The approach is not to spend any money. The Mets lost two serviceable relief pitchers, Hisanori Takahashi to the Angels and Pedro Feliciano to the Yankees, because they wouldn’t spend the established market rate. Each pitcher signed for 2 years and $8 million.

“We’d like to have kept Takahashi,” Alderson said. “”He wanted to explore the free-agent market. He got what we anticipated he would get. It was a similar situation with Feliciano. It was more than we wanted to pay.”

When observers talk about the Mets’ lack of payroll flexibility, they point to the team’s “bad contracts,” particularly the one that will pay Perez $12 million and the one that will pay Castillo $6 million next season.oliver-perez3-225

Most competitive teams however, wind up with contracts they wish they hadn’t given players. It’s part of the price of doing business; it’s part of the price of competing. It should not be part of the excuse for not trying to improve the team.

Fred Wilpon has never liked spending the kind of money he has had to spend to compete with the Yankees in New York. When Nelson Doubleday was Wilpon’s partner in the Mets’ ownership, it was Doubleday who wanted to spend money on good players (see Mike Piazza).

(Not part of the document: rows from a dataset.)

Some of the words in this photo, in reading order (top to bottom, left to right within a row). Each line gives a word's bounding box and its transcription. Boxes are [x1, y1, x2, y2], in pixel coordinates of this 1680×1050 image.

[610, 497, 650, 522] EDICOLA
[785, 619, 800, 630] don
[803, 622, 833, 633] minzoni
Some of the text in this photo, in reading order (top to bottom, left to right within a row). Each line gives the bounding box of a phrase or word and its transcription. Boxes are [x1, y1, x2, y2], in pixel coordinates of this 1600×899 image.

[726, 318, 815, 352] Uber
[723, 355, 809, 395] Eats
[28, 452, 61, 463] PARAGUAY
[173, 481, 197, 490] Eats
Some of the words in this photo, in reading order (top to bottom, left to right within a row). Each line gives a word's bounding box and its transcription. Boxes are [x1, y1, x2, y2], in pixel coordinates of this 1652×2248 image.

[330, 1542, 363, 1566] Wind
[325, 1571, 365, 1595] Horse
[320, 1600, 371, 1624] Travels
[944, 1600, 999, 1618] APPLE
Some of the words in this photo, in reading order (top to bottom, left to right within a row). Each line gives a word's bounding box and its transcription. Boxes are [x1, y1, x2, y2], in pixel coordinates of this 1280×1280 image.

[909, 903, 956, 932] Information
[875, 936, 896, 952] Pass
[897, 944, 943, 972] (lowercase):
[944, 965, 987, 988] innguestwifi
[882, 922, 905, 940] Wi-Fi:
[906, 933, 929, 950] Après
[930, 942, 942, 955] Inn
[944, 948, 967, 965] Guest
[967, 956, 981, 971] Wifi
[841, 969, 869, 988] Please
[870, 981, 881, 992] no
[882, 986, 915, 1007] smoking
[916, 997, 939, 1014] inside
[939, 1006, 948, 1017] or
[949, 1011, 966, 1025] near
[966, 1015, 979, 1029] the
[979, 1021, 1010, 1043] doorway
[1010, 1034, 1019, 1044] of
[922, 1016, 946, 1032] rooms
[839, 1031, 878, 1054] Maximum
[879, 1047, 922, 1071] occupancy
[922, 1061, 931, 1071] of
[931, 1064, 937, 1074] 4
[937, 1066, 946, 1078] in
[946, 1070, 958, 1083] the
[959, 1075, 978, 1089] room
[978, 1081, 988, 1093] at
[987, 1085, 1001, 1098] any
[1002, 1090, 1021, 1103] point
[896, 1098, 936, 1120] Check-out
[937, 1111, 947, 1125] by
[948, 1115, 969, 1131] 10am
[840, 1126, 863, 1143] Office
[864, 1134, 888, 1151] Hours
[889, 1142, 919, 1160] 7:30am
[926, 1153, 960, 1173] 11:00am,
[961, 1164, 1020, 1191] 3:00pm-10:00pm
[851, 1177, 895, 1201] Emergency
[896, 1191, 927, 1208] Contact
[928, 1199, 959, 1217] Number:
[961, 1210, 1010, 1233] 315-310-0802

Wilpon’s apparent reluctance to spend more money for next season raises a question that has been raised before. Did Wilpon lose so much investment money to his buddy Bernie Madoff in Madoff’s all-time great Ponzi scheme that it has undermined his ability to operate the Mets?

Wilpon has always denied it, and when Alderson was asked the question, he said, “From my standpoint nothing has really changed in my perception of where we are and what we have available payroll-wise from when I started talking to them.”

Alderson said he expected the payroll to be about $140 million, which will be about $7 million above last year’s opening-day payroll.

The Perez and Castillo contracts will be up next season. So will the contracts of Beltran ($18.5 million), Rodriguez ($11.5 million) and Jose Reyes ($11 million), and the Mets’ apologists point to the greater freedom the team will have to sign players to big contracts.

By then, however, another season will have been lost. In addition, the Mets will be asking their fans to pay to watch a team that they themselves don’t think enough of to spend to improve it.

Alderson, however, said, “We expect to be competitive. Our lineup compares with anyone in the division. Whether our pitching does is a question. We think we’re going to be competitive. If we don’t have injuries, if we get Santana back, who knows?”

That’s a good question to ask about the Mets’ winter operation: who knows what they’re doing?